** Activity **
Make your reply a word-for-word repeat of the records.

Dataset entries
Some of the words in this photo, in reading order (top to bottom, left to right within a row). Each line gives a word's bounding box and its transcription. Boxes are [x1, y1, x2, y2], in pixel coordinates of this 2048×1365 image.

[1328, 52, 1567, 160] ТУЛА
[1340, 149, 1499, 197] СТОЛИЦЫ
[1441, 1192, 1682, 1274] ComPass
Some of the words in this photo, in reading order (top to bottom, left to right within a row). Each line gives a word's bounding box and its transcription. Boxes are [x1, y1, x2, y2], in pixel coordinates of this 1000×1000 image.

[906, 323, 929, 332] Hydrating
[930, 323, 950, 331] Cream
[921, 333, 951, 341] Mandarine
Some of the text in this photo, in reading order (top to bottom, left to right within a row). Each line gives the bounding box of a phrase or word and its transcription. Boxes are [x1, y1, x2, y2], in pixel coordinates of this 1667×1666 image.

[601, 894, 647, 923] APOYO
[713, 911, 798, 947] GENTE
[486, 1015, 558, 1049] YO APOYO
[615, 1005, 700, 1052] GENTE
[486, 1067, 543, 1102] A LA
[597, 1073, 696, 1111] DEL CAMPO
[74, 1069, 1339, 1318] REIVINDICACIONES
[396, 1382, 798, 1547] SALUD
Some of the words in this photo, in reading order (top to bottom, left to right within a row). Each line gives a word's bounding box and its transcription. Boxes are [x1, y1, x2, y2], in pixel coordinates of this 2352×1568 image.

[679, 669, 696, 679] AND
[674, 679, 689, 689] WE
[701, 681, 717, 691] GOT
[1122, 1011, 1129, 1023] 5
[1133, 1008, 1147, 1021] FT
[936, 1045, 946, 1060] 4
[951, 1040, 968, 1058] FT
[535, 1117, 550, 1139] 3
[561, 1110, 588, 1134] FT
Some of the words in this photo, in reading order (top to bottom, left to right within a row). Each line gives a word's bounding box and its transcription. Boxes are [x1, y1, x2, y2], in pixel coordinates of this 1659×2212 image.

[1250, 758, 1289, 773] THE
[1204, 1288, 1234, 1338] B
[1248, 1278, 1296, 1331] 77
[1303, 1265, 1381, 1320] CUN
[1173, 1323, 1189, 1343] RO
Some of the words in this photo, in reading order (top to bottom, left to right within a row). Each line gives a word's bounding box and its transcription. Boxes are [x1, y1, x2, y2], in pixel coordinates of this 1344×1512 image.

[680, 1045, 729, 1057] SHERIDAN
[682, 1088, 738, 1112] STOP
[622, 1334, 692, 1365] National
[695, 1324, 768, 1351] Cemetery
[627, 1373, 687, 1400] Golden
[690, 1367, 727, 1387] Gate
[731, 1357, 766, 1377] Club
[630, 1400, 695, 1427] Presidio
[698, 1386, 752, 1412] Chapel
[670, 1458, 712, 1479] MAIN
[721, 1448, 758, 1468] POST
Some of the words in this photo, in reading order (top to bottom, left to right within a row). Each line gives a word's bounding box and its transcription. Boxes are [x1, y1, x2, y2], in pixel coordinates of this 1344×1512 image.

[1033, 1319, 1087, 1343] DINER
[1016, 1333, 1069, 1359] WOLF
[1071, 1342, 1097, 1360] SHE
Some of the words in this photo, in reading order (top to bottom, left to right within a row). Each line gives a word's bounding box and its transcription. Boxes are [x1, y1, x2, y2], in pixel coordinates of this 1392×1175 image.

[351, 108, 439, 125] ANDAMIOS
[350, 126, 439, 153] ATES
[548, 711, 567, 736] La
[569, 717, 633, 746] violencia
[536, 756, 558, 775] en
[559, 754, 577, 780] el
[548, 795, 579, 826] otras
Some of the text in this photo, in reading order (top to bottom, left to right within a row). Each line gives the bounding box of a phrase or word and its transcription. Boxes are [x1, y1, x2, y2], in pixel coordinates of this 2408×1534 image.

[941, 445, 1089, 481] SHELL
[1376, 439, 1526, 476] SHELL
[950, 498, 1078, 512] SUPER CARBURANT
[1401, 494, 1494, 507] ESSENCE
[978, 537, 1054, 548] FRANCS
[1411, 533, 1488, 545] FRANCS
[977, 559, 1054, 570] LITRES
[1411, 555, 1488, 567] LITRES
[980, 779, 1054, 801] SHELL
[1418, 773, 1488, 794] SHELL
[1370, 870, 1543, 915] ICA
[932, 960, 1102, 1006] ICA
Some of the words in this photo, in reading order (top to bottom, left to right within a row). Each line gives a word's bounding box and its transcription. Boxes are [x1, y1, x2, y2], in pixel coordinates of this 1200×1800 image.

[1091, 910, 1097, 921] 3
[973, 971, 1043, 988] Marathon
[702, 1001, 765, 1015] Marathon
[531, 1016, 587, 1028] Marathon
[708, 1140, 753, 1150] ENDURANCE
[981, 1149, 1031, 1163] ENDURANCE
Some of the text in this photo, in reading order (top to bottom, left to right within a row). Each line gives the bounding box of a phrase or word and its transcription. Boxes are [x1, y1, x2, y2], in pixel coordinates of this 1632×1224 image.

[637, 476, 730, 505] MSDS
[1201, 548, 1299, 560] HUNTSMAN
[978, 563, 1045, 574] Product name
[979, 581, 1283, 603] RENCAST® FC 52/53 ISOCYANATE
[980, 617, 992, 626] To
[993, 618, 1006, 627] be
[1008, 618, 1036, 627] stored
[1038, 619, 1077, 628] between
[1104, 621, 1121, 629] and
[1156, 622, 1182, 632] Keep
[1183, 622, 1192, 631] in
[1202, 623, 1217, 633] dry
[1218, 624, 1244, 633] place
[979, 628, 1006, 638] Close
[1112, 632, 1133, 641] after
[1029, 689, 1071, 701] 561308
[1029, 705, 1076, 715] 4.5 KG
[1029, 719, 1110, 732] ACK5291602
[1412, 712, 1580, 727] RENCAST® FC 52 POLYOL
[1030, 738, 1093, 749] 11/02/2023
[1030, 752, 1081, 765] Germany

** Task answer **
Some of the words in this photo, in reading order (top to bottom, left to right within a row). Each line gives a word's bounding box and its transcription. Boxes are [x1, y1, x2, y2], in pixel coordinates of this 2048×1365 image.

[1328, 52, 1567, 160] ТУЛА
[1340, 149, 1499, 197] СТОЛИЦЫ
[1441, 1192, 1682, 1274] ComPass
Some of the words in this photo, in reading order (top to bottom, left to right within a row). Each line gives a word's bounding box and its transcription. Boxes are [x1, y1, x2, y2], in pixel coordinates of this 1000×1000 image.

[906, 323, 929, 332] Hydrating
[930, 323, 950, 331] Cream
[921, 333, 951, 341] Mandarine
Some of the text in this photo, in reading order (top to bottom, left to right within a row). Each line gives the bounding box of a phrase or word and its transcription. Boxes are [x1, y1, x2, y2], in pixel coordinates of this 1667×1666 image.

[601, 894, 647, 923] APOYO
[713, 911, 798, 947] GENTE
[486, 1015, 558, 1049] YO APOYO
[615, 1005, 700, 1052] GENTE
[486, 1067, 543, 1102] A LA
[597, 1073, 696, 1111] DEL CAMPO
[74, 1069, 1339, 1318] REIVINDICACIONES
[396, 1382, 798, 1547] SALUD
Some of the words in this photo, in reading order (top to bottom, left to right within a row). Each line gives a word's bounding box and its transcription. Boxes are [x1, y1, x2, y2], in pixel coordinates of this 2352×1568 image.

[679, 669, 696, 679] AND
[674, 679, 689, 689] WE
[701, 681, 717, 691] GOT
[1122, 1011, 1129, 1023] 5
[1133, 1008, 1147, 1021] FT
[936, 1045, 946, 1060] 4
[951, 1040, 968, 1058] FT
[535, 1117, 550, 1139] 3
[561, 1110, 588, 1134] FT
Some of the words in this photo, in reading order (top to bottom, left to right within a row). Each line gives a word's bounding box and its transcription. Boxes are [x1, y1, x2, y2], in pixel coordinates of this 1659×2212 image.

[1250, 758, 1289, 773] THE
[1204, 1288, 1234, 1338] B
[1248, 1278, 1296, 1331] 77
[1303, 1265, 1381, 1320] CUN
[1173, 1323, 1189, 1343] RO
Some of the words in this photo, in reading order (top to bottom, left to right within a row). Each line gives a word's bounding box and its transcription. Boxes are [x1, y1, x2, y2], in pixel coordinates of this 1344×1512 image.

[680, 1045, 729, 1057] SHERIDAN
[682, 1088, 738, 1112] STOP
[622, 1334, 692, 1365] National
[695, 1324, 768, 1351] Cemetery
[627, 1373, 687, 1400] Golden
[690, 1367, 727, 1387] Gate
[731, 1357, 766, 1377] Club
[630, 1400, 695, 1427] Presidio
[698, 1386, 752, 1412] Chapel
[670, 1458, 712, 1479] MAIN
[721, 1448, 758, 1468] POST
Some of the words in this photo, in reading order (top to bottom, left to right within a row). Each line gives a word's bounding box and its transcription. Boxes are [x1, y1, x2, y2], in pixel coordinates of this 1344×1512 image.

[1033, 1319, 1087, 1343] DINER
[1016, 1333, 1069, 1359] WOLF
[1071, 1342, 1097, 1360] SHE
Some of the words in this photo, in reading order (top to bottom, left to right within a row). Each line gives a word's bounding box and its transcription. Boxes are [x1, y1, x2, y2], in pixel coordinates of this 1392×1175 image.

[351, 108, 439, 125] ANDAMIOS
[350, 126, 439, 153] ATES
[548, 711, 567, 736] La
[569, 717, 633, 746] violencia
[536, 756, 558, 775] en
[559, 754, 577, 780] el
[548, 795, 579, 826] otras
Some of the text in this photo, in reading order (top to bottom, left to right within a row). Each line gives the bounding box of a phrase or word and its transcription. Boxes are [x1, y1, x2, y2], in pixel coordinates of this 2408×1534 image.

[941, 445, 1089, 481] SHELL
[1376, 439, 1526, 476] SHELL
[950, 498, 1078, 512] SUPER CARBURANT
[1401, 494, 1494, 507] ESSENCE
[978, 537, 1054, 548] FRANCS
[1411, 533, 1488, 545] FRANCS
[977, 559, 1054, 570] LITRES
[1411, 555, 1488, 567] LITRES
[980, 779, 1054, 801] SHELL
[1418, 773, 1488, 794] SHELL
[1370, 870, 1543, 915] ICA
[932, 960, 1102, 1006] ICA
Some of the words in this photo, in reading order (top to bottom, left to right within a row). Each line gives a word's bounding box and its transcription. Boxes are [x1, y1, x2, y2], in pixel coordinates of this 1200×1800 image.

[1091, 910, 1097, 921] 3
[973, 971, 1043, 988] Marathon
[702, 1001, 765, 1015] Marathon
[531, 1016, 587, 1028] Marathon
[708, 1140, 753, 1150] ENDURANCE
[981, 1149, 1031, 1163] ENDURANCE
Some of the text in this photo, in reading order (top to bottom, left to right within a row). Each line gives the bounding box of a phrase or word and its transcription. Boxes are [x1, y1, x2, y2], in pixel coordinates of this 1632×1224 image.

[637, 476, 730, 505] MSDS
[1201, 548, 1299, 560] HUNTSMAN
[978, 563, 1045, 574] Product name
[979, 581, 1283, 603] RENCAST® FC 52/53 ISOCYANATE
[980, 617, 992, 626] To
[993, 618, 1006, 627] be
[1008, 618, 1036, 627] stored
[1038, 619, 1077, 628] between
[1104, 621, 1121, 629] and
[1156, 622, 1182, 632] Keep
[1183, 622, 1192, 631] in
[1202, 623, 1217, 633] dry
[1218, 624, 1244, 633] place
[979, 628, 1006, 638] Close
[1112, 632, 1133, 641] after
[1029, 689, 1071, 701] 561308
[1029, 705, 1076, 715] 4.5 KG
[1029, 719, 1110, 732] ACK5291602
[1412, 712, 1580, 727] RENCAST® FC 52 POLYOL
[1030, 738, 1093, 749] 11/02/2023
[1030, 752, 1081, 765] Germany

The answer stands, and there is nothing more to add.